Give the data again exactly, without images.

━━━━━━━━

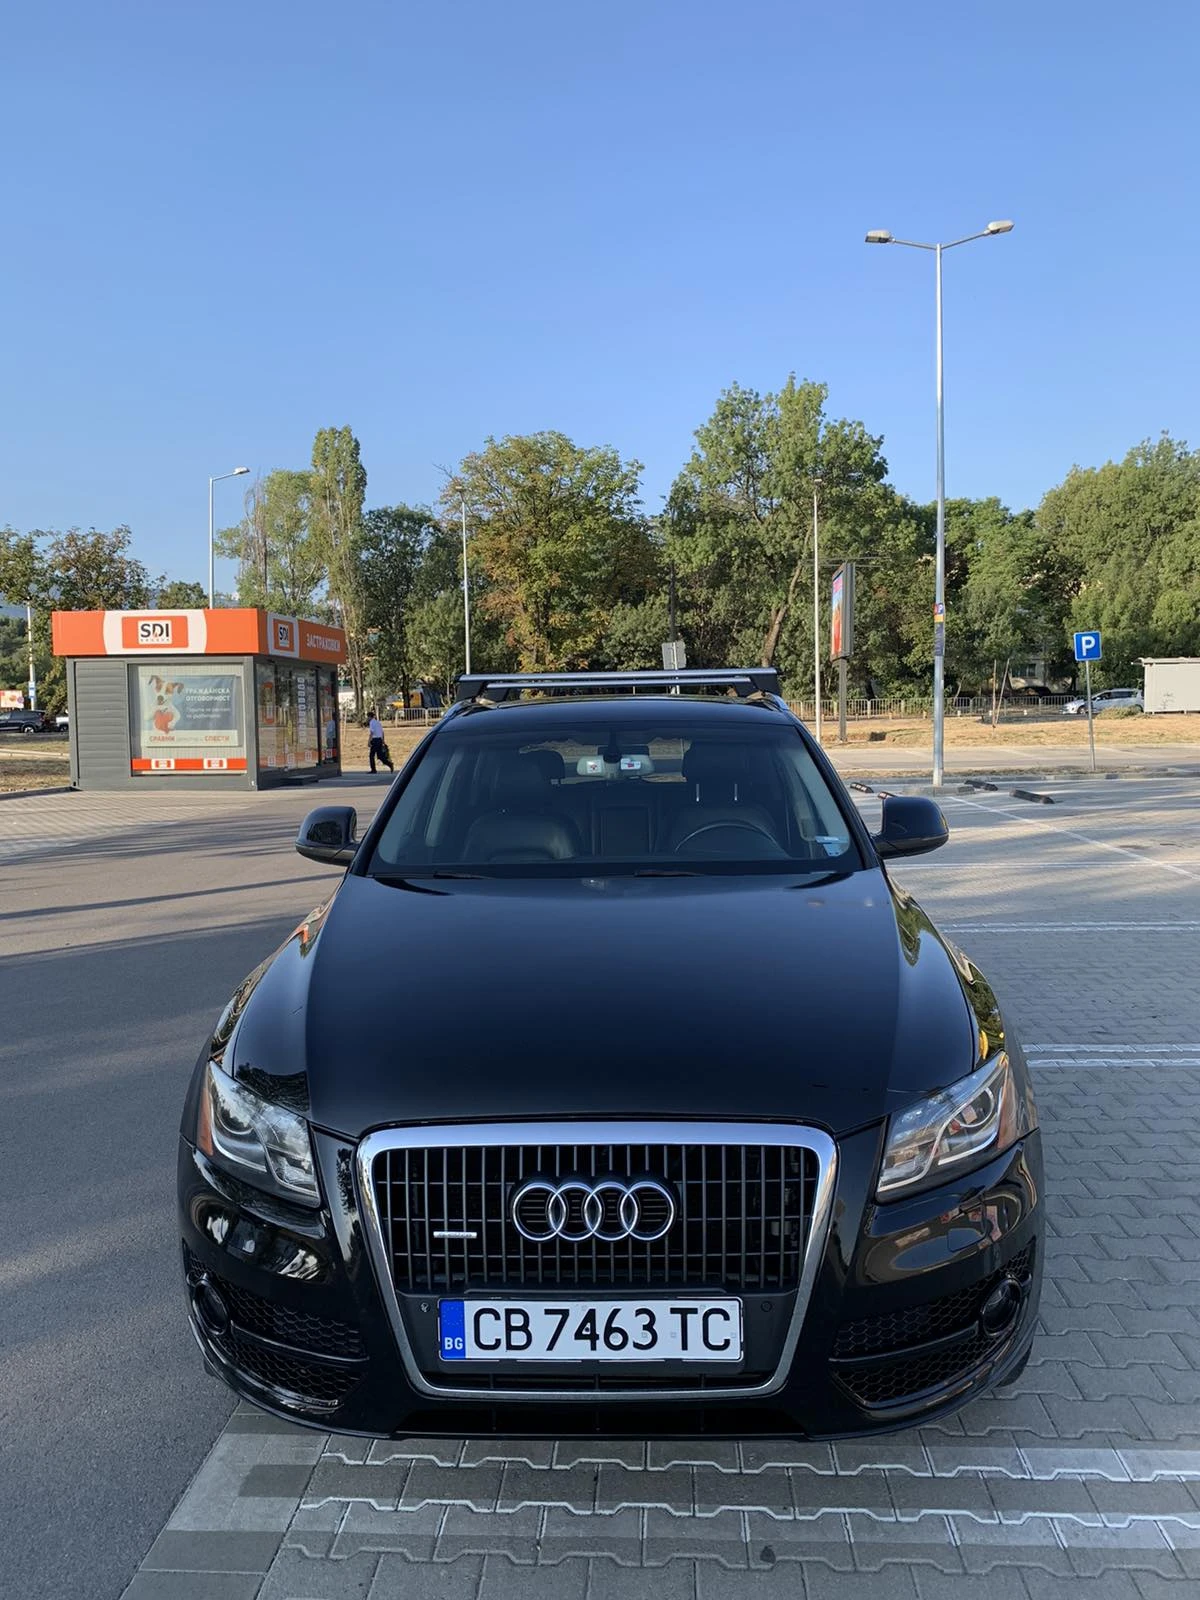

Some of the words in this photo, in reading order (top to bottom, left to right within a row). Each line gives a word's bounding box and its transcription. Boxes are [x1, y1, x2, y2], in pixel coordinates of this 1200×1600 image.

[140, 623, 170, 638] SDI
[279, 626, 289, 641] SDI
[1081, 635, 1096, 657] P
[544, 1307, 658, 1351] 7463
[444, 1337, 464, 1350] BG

━━━━━━━━

EXERCISE ANSWER:
Some of the words in this photo, in reading order (top to bottom, left to right within a row). Each line gives a word's bounding box and its transcription. Boxes are [x1, y1, x2, y2], in pixel coordinates of this 1200×1600 image.

[140, 623, 170, 638] SDI
[279, 626, 289, 641] SDI
[1081, 635, 1096, 657] P
[544, 1307, 658, 1351] 7463
[444, 1337, 464, 1350] BG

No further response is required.